Alternatively, if an adolescent continues to identify as transgender and starts on gender-affirming hormones like estrogen or testosterone down the line, this will also catch them up on bone density. The great thing about puberty blockers is that if you stop them, puberty will progress as if the medication were never started. Parents can think of a puberty blocker as buying their children more time to figure out their gender identity without going through puberty.
The potential mental health benefits of gender-affirming hormones usually outweigh the risks
Gender-affirming hormones like estrogen and testosterone are bigger decisions. They are generally not prescribed until a patient is 16 (though they can be prescribed as early as 14 in select clear-cut cases). They will cause body changes that are not easily reversed, like body fat redistribution and changes in body hair. Adolescents should be counseled extensively before starting these medications.
Parents should also remember, however, that these changes are mostly cosmetic. The potential benefits from gender-affirming hormones (improved mental health) will usually outweigh the low risk of an adolescent later changing their mind and regretting cosmetic changes. This risk-benefit analysis should be carefully discussed in therapy before these drugs are started.
Surgery is, of course, irreversible and requires serious thought. Big surgeries like phalloplasty (construction of a penis) and vaginoplasty (construction of a vagina) are not offered until patients have reached adulthood.
Every decision in medicine involves weighing risks and benefits. Lipitor, a medicine doctors use to prevent stroke, also increases the risk of rhabdomyolysis, a condition of muscle breakdown that can damage the kidneys.

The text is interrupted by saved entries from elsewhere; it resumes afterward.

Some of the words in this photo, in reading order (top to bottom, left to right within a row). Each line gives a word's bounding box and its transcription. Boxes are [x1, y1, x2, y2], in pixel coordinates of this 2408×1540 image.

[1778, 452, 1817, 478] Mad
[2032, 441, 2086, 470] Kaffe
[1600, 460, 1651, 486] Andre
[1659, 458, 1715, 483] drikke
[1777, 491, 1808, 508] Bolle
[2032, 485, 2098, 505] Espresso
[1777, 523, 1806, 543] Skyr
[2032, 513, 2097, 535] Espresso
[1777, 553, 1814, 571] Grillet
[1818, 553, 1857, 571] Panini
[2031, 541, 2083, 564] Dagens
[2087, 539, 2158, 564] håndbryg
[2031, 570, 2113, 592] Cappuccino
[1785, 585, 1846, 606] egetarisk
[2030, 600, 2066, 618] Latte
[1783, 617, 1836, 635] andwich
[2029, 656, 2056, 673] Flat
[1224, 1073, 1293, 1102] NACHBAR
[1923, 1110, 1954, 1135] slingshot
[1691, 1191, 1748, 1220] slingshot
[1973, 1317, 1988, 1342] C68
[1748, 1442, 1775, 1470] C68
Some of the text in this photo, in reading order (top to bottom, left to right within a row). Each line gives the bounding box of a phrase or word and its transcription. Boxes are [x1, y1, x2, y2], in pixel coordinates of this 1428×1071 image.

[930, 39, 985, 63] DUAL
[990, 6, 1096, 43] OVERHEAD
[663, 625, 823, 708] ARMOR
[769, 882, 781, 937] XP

However, the potential benefit of preventing stroke far outweighs the potential risk of this unlikely event.
The same is true for transgender youth and gender-affirming care. Will a small number change their minds about medically transitioning? Yes. Does this mean we should withhold a treatment that has a high likelihood to provide a big mental health benefit? No.
Jack Turban is a resident physician in child and adolescent psychiatry at Massachusetts General Hospital and McLean Hospital. His research focuses on the mental health of transgender and gender diverse youth.